2016年05月01日

2016年5月

やっと休める、と楽しみにしていたゴールデンウィークも終わってしまいました…。
皆様はどこかにおでかけになりましたか?

私は4月に学校内での学部が異動になり、6年間いた中学部から、高等部(高校生)の担任となってしまいました。
前に担任していたクラスでは分刻みに動くような回転の速い日常だったのが、今度はものすごくゆっくりペースの生徒たちのクラス。言葉もゆっくりだし動きも待ちが長い。
「昨日は何をしていましたか?」の問いかけにも、「え〜とね〜…きのうは〜〜、家で〜、え〜っとぉ〜」てな調子でひとつの話をするにも何分もかかる。それを他の担任は菩薩のような微笑みで「そぅっかぁ〜。それは楽しそうだねぇ〜。」などと言葉が終わるまで気長に聞いて優しい相づちを打っておられる。
私はといえば、顔はニコニコと微笑みを浮かべて(作り笑い)聞いてるものの、超イラチの私の心はもうイライラの限界。じっと聞くってこんなに難しいものなのね…。
他の2人の担任もゆっくりペースの人たちで、優しくて穏やかで柔らかい。だからこそゆっくりクラスにピッタシな訳で、ならばなぜ「早口、早飯、早歩きの超イラチ」の私がこのクラスの配置なのか!? 1分もじっとしてられない性格なのに、絶対配置ミスだよ!

家でボヤいていると、娘が「それは神の采配。あなたに一番欠けてる部分だから。」と言う。
私「なんですと!?」
娘「自分のペースで人を動かすのではなく、人の気持ちに寄り添い包み込む。

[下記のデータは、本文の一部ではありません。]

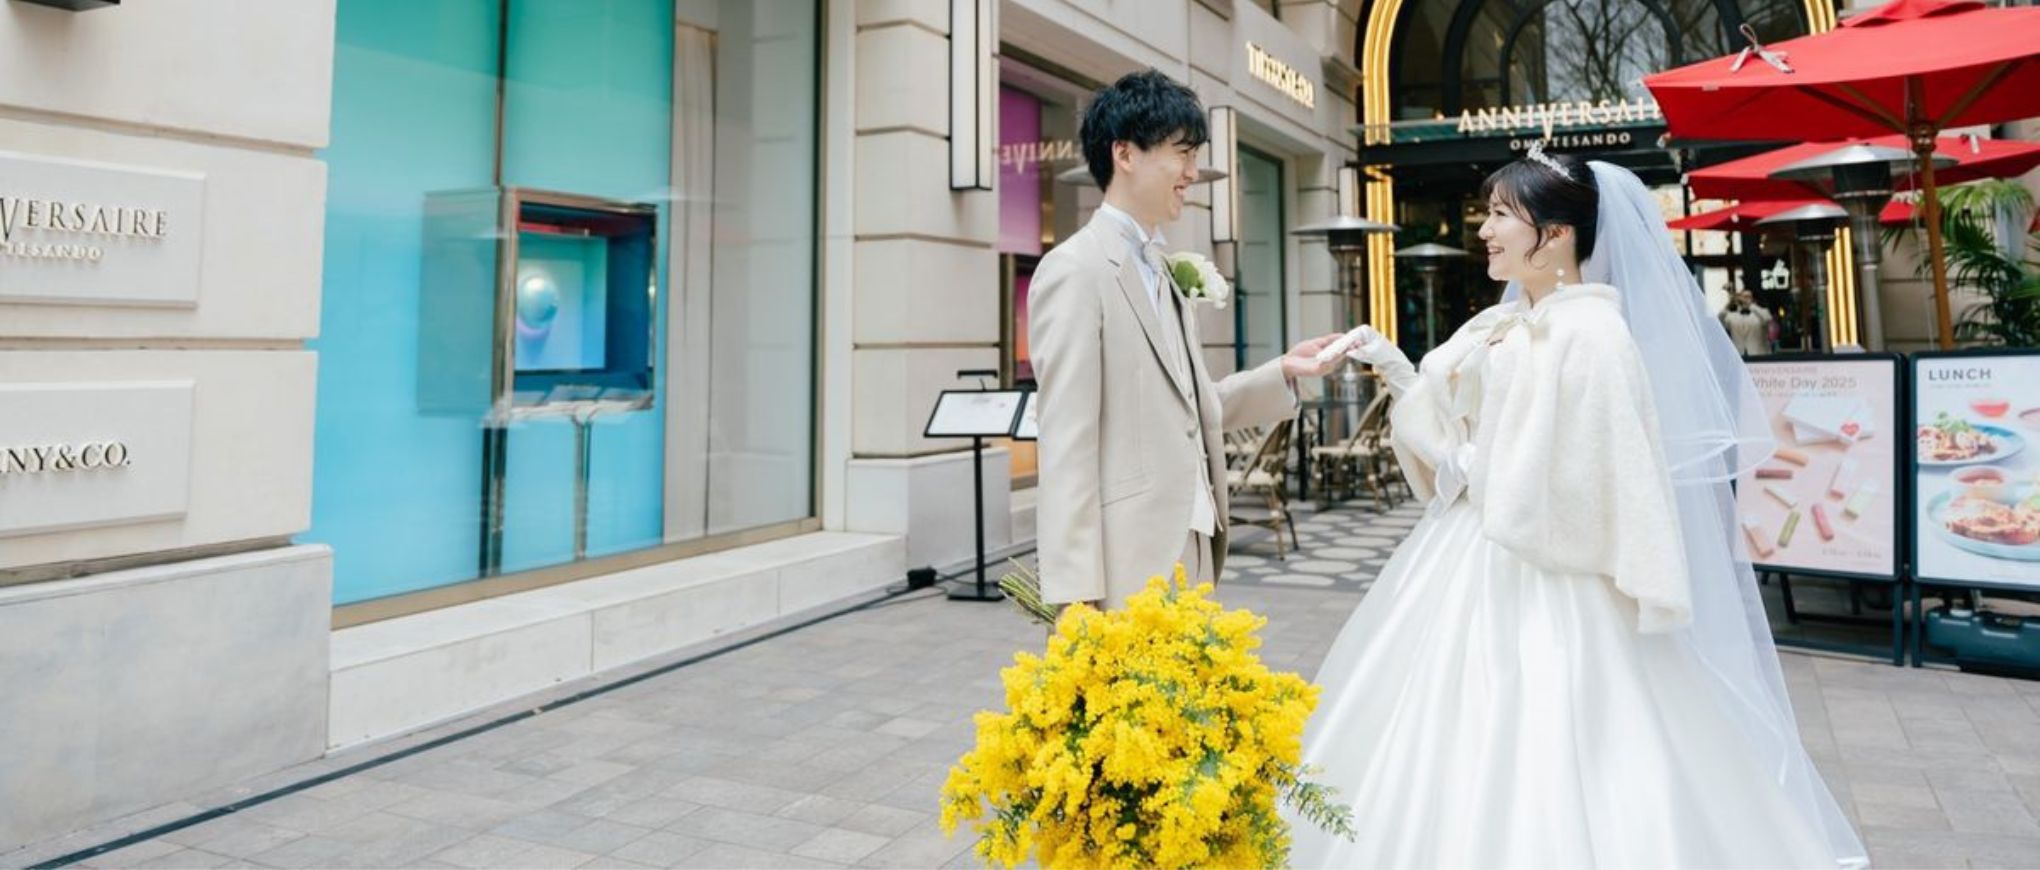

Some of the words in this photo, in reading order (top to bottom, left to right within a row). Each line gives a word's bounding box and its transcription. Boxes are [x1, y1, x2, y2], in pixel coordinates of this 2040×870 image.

[1928, 367, 1992, 381] LUNCH
[1790, 376, 1818, 391] Day
[1821, 375, 1857, 389] 2025
[0, 441, 131, 473] NY&CO.

神の「少しは落ち着きなさい」との采配」 と、宗教家のようなことを言う。
私にいつも「すぐやる!今やる!すぐ動け!!」と追いたてられてる息子もここぞとばかりに「あんたに与えられた試練やな、まさしく。ゆったりクラスの担任になったのならそのペースに合わす。それこそが教師やろ」と言う。
…はい、ごもっともです。 修業の1年、と考えて人格改造に励みます…。

どんな生徒にも合わせられるようにならねば、イラチとは決別するぞ、と決意し、登校してゆっくりしてる生徒に「あと15分で体育が始まるし、すぐ着替え!」と言いたいところをぐっとこらえて、「そろそろ着替えよっかぁ?」と優しく言う。
それでも絵を描いたりして動かぬ生徒に「時間見て!」と言いたいところ、「そろそろ絵は終わりにしようね」と優しく言う。
それでも「え〜〜」と一向に動かぬ生徒に「早くっ!!間に合わないっ!!」と追いたてたいところを「一緒に行こうね、さぁ、ノートを閉じようかな」と微笑みながら言う。
そして誰もいないトイレで「あぁーーっもうイライラするっ!!」と叫ぶ。 あぁ、やっぱり私って人間できてない、と反省の毎日。

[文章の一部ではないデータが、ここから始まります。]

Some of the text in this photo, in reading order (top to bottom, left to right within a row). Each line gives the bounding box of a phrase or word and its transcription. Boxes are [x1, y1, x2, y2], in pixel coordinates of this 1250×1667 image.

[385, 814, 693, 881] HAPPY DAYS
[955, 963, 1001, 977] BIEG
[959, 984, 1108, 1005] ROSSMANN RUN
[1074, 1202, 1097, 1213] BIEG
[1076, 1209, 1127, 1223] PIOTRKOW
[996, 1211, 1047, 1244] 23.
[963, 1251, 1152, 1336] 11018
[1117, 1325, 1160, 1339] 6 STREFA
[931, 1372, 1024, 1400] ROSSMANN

こんな私ですが、環境は人を変えるもの。きっと3ヶ月も経てば穏やかで優雅な人間に変貌してるはず。

ゆったりとしたペースで生きるかわいい生徒たちとの出会いが、新たな私への第一歩、今日も頑張るぞぉっ!! と自分に言い聞かせている日々なのでございます。(自信ないけど)。